__What the task asks__: Word for word, and without a single picture, repeat the entries.

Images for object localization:
=== Begin Enclosure ===

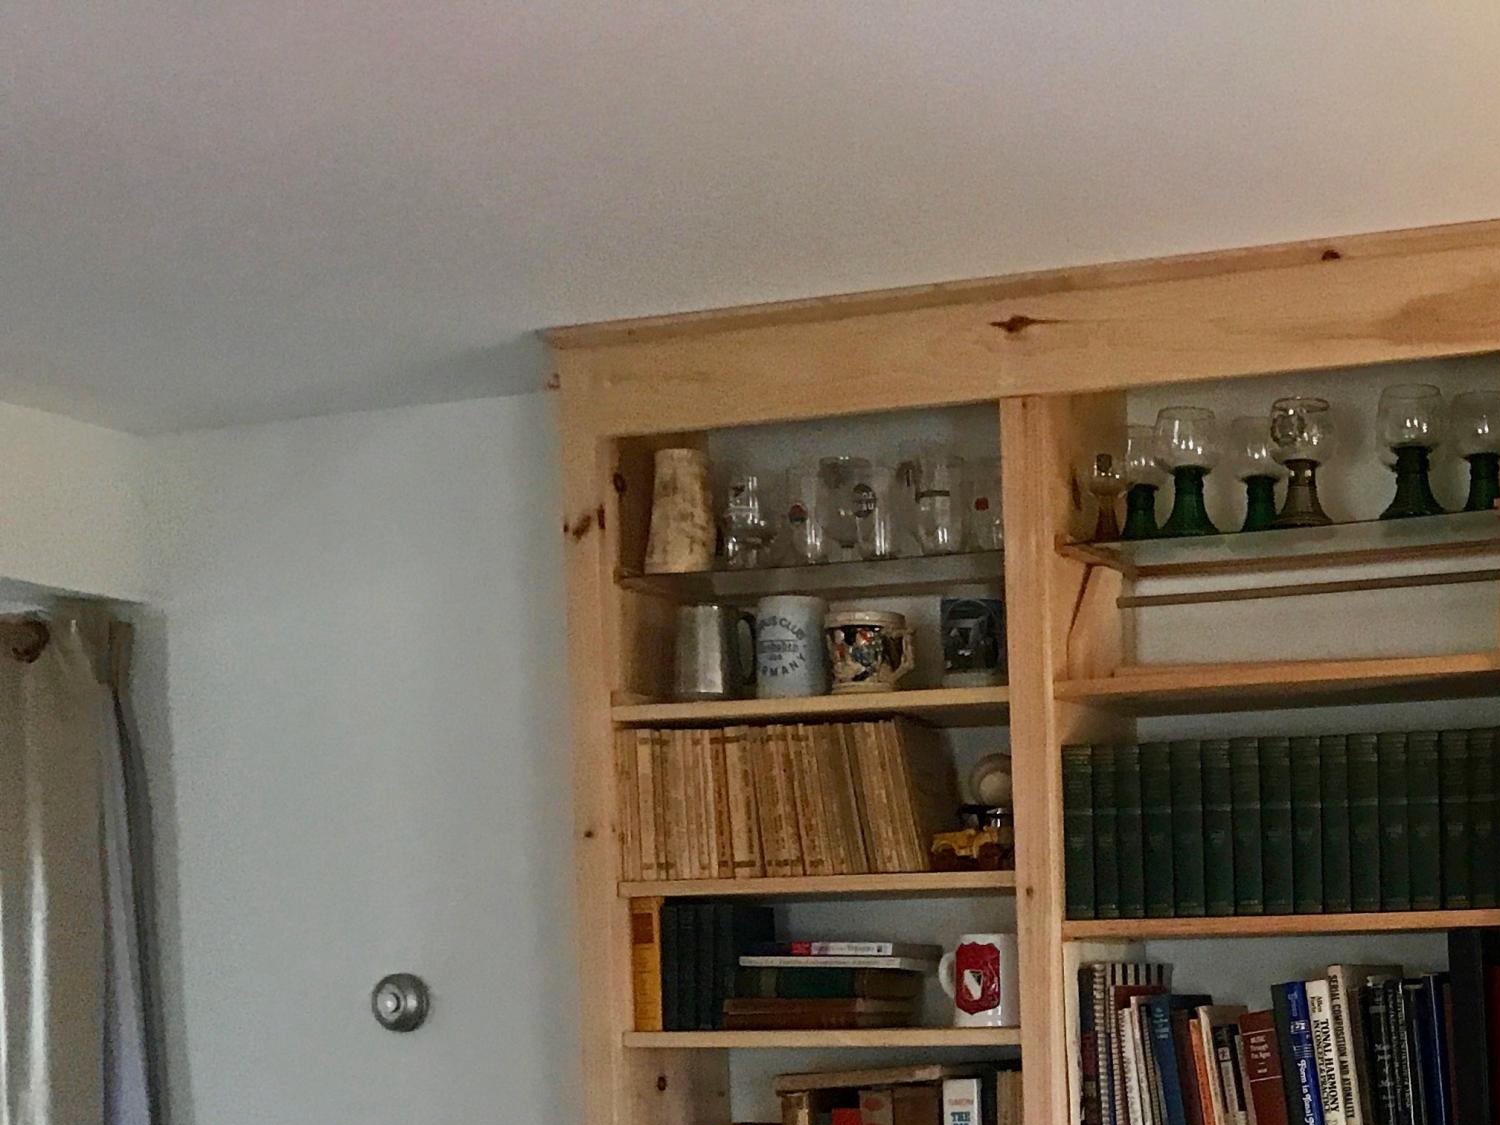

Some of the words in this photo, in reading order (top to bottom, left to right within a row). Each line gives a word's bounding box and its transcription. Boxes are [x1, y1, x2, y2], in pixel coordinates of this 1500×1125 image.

[1329, 975, 1342, 1001] SERIAL
[1313, 1020, 1320, 1029] IN
[1332, 1004, 1348, 1057] COMPOSITION
[1314, 1030, 1325, 1066] CONCEPT
[1298, 1059, 1307, 1083] Form
[1319, 1019, 1333, 1053] TONAL
[1326, 1058, 1340, 1112] HARMONY
[1341, 1060, 1350, 1075] AND
[1320, 1075, 1331, 1113] PRACTICE
[1343, 1078, 1355, 1118] ATONALITY
[950, 1111, 971, 1122] THE

=== End Enclosure ===

__Task solution__:
Some of the words in this photo, in reading order (top to bottom, left to right within a row). Each line gives a word's bounding box and its transcription. Boxes are [x1, y1, x2, y2], in pixel coordinates of this 1500×1125 image.

[1329, 975, 1342, 1001] SERIAL
[1313, 1020, 1320, 1029] IN
[1332, 1004, 1348, 1057] COMPOSITION
[1314, 1030, 1325, 1066] CONCEPT
[1298, 1059, 1307, 1083] Form
[1319, 1019, 1333, 1053] TONAL
[1326, 1058, 1340, 1112] HARMONY
[1341, 1060, 1350, 1075] AND
[1320, 1075, 1331, 1113] PRACTICE
[1343, 1078, 1355, 1118] ATONALITY
[950, 1111, 971, 1122] THE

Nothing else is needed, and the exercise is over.